[PROBLEM DESCRIPTION]: Once the images are set aside, write out the rest of the records exactly.

[Free-text object descriptions]:
=== Begin Enclosure ===

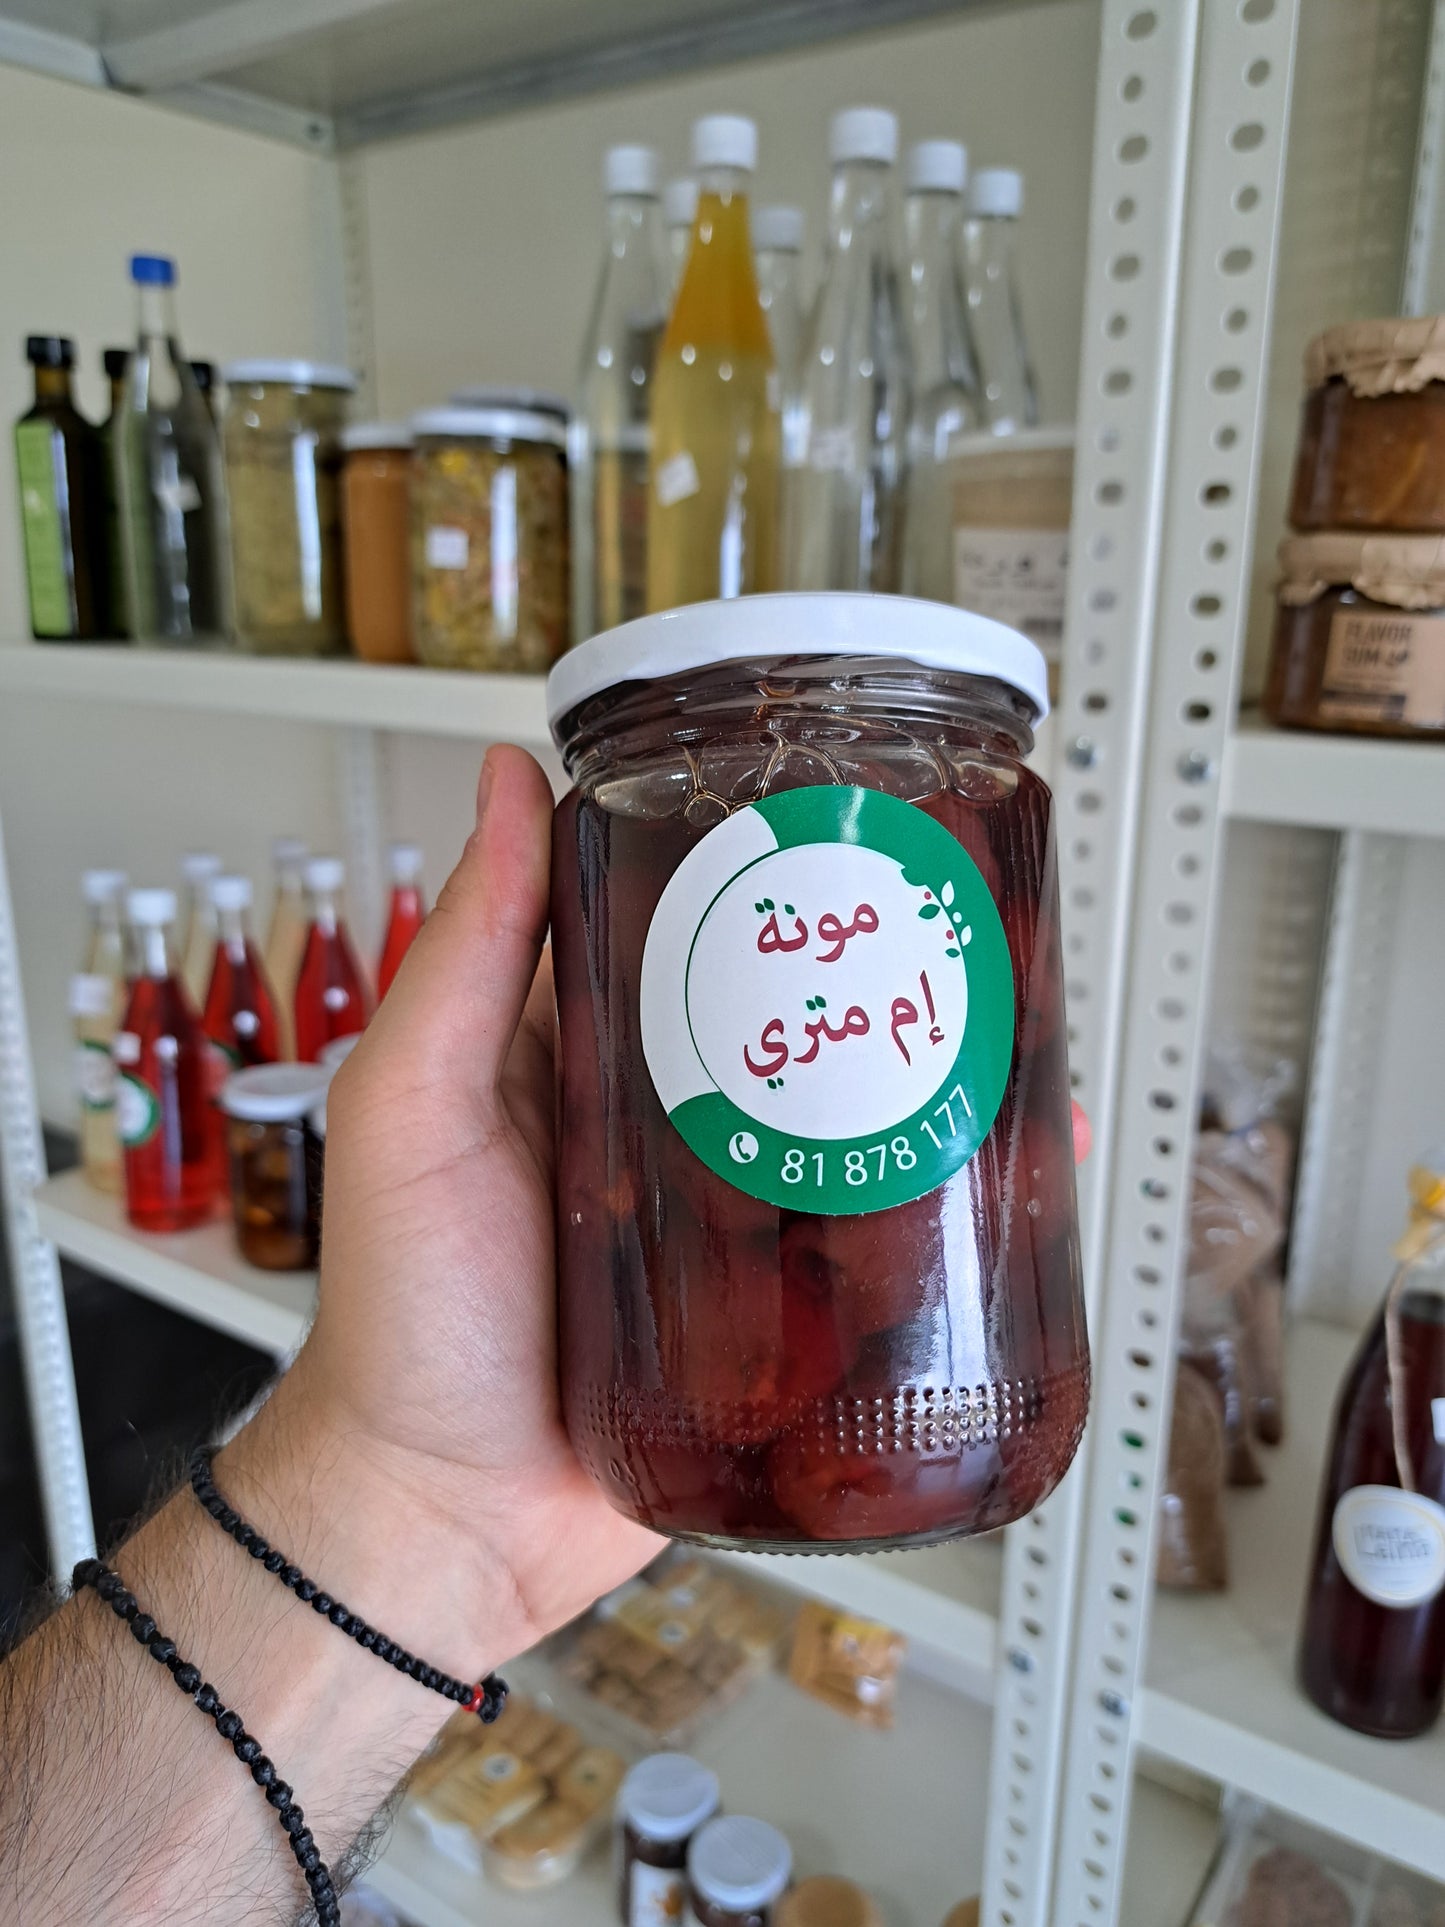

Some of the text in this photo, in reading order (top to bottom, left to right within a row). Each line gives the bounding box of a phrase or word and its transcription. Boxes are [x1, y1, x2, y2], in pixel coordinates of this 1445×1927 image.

[754, 897, 880, 963] مونة
[743, 969, 946, 1090] إم متري
[780, 1083, 973, 1187] 81 878 177
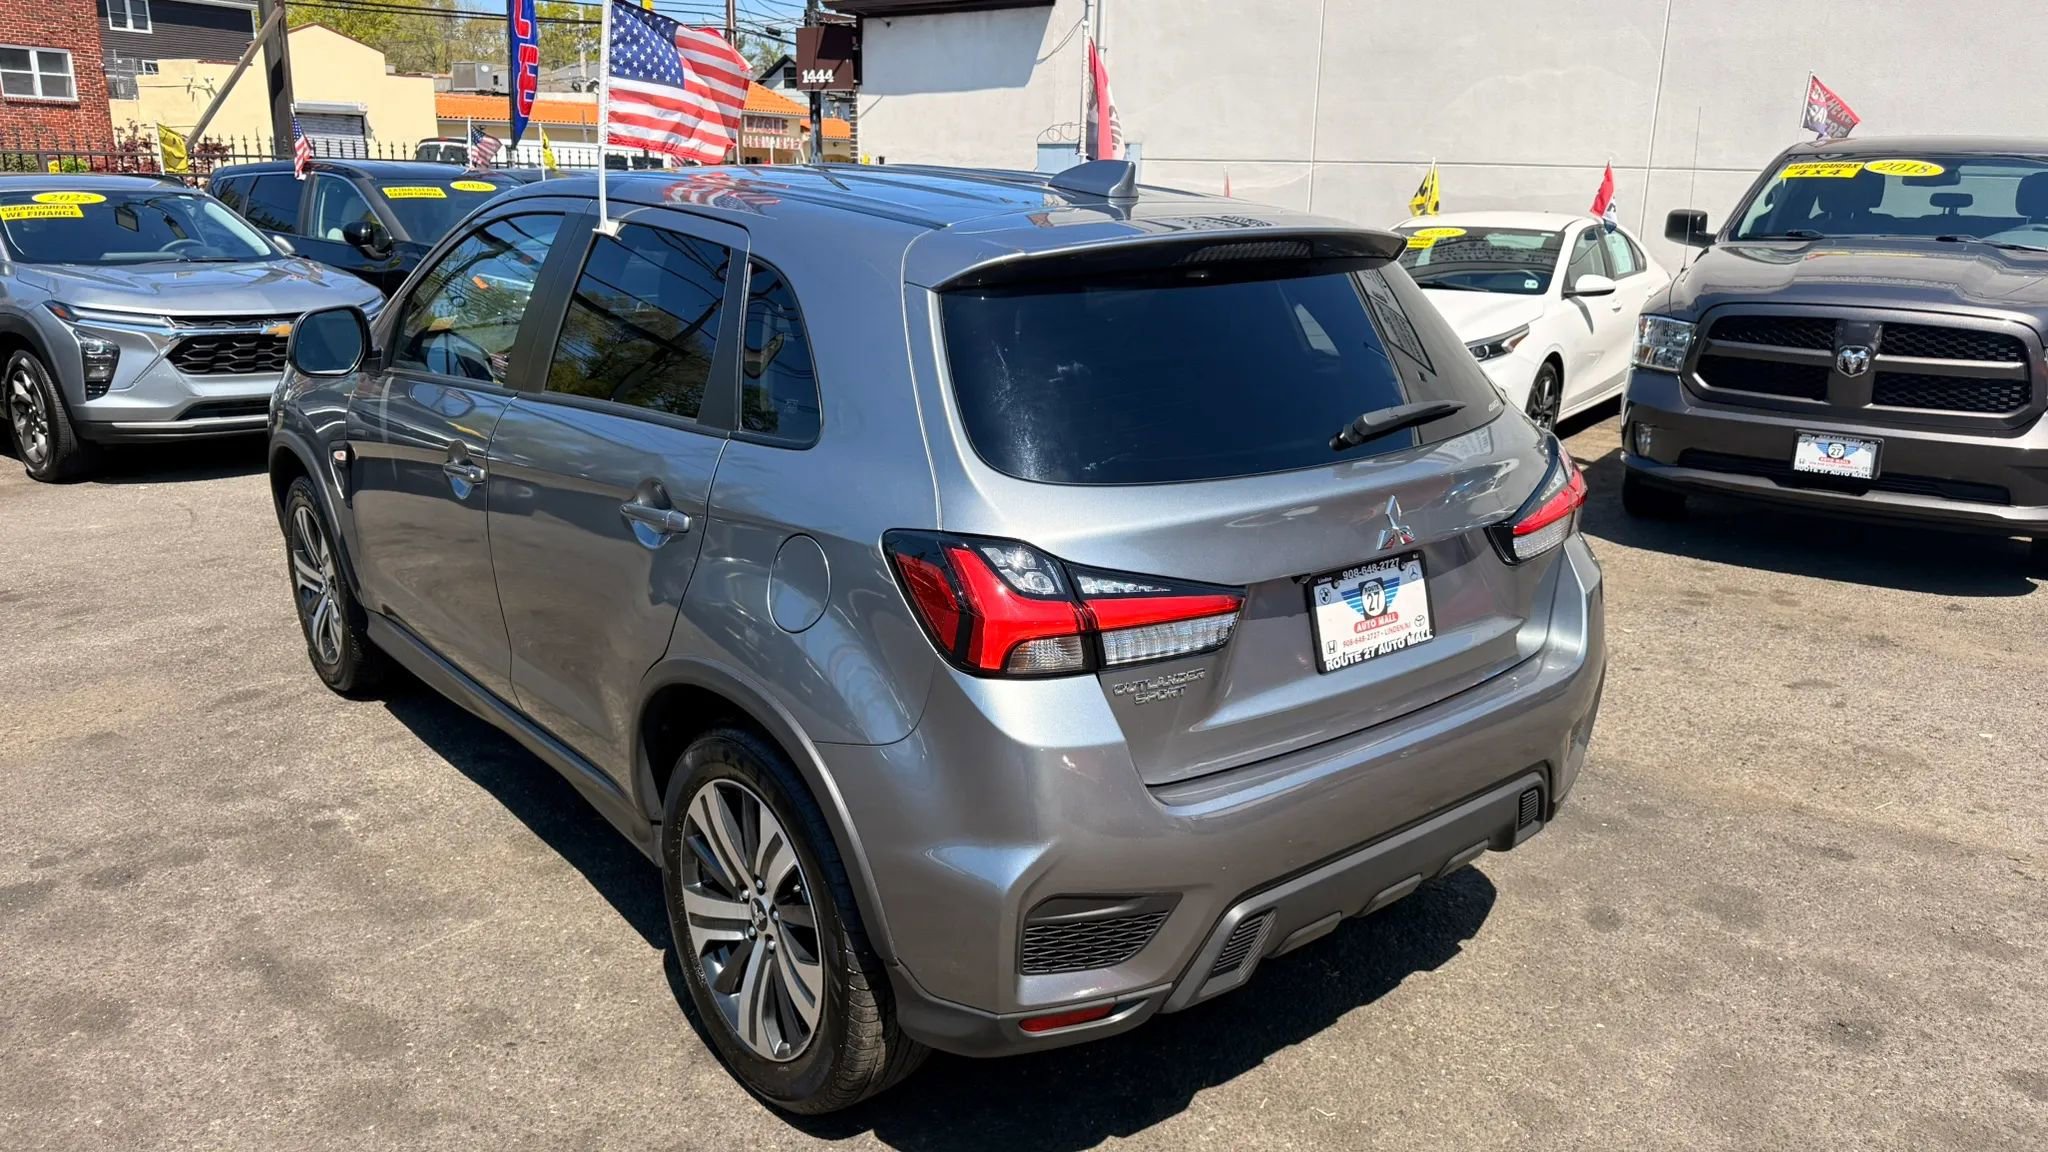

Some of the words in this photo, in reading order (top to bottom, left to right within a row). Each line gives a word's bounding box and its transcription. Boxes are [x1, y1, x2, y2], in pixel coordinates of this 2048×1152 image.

[802, 68, 834, 83] 1444
[1875, 163, 1932, 174] 2018
[48, 194, 92, 202] 2025
[1830, 448, 1842, 456] 27
[1342, 558, 1400, 580] 908-648-2727
[1364, 584, 1380, 593] ROUTE
[1366, 592, 1381, 612] 27
[1356, 619, 1376, 632] AUTO
[1378, 614, 1397, 628] MALL
[1326, 652, 1363, 672] ROUTE
[1363, 647, 1377, 660] 27
[1378, 638, 1406, 654] AUTO
[1407, 629, 1434, 646] MALL
[1113, 668, 1206, 696] OUTLANDER
[1135, 684, 1187, 705] SPORT

=== End Enclosure ===

[TASK RESPONSE]:
Some of the text in this photo, in reading order (top to bottom, left to right within a row). Each line gives the bounding box of a phrase or word and its transcription. Boxes are [x1, y1, x2, y2], in pixel coordinates of this 1445×1927 image.

[754, 897, 880, 963] مونة
[743, 969, 946, 1090] إم متري
[780, 1083, 973, 1187] 81 878 177

Some of the words in this photo, in reading order (top to bottom, left to right within a row). Each line gives a word's bounding box and its transcription. Boxes are [x1, y1, x2, y2], in pixel coordinates of this 2048×1152 image.

[802, 68, 834, 83] 1444
[1875, 163, 1932, 174] 2018
[48, 194, 92, 202] 2025
[1830, 448, 1842, 456] 27
[1342, 558, 1400, 580] 908-648-2727
[1364, 584, 1380, 593] ROUTE
[1366, 592, 1381, 612] 27
[1356, 619, 1376, 632] AUTO
[1378, 614, 1397, 628] MALL
[1326, 652, 1363, 672] ROUTE
[1363, 647, 1377, 660] 27
[1378, 638, 1406, 654] AUTO
[1407, 629, 1434, 646] MALL
[1113, 668, 1206, 696] OUTLANDER
[1135, 684, 1187, 705] SPORT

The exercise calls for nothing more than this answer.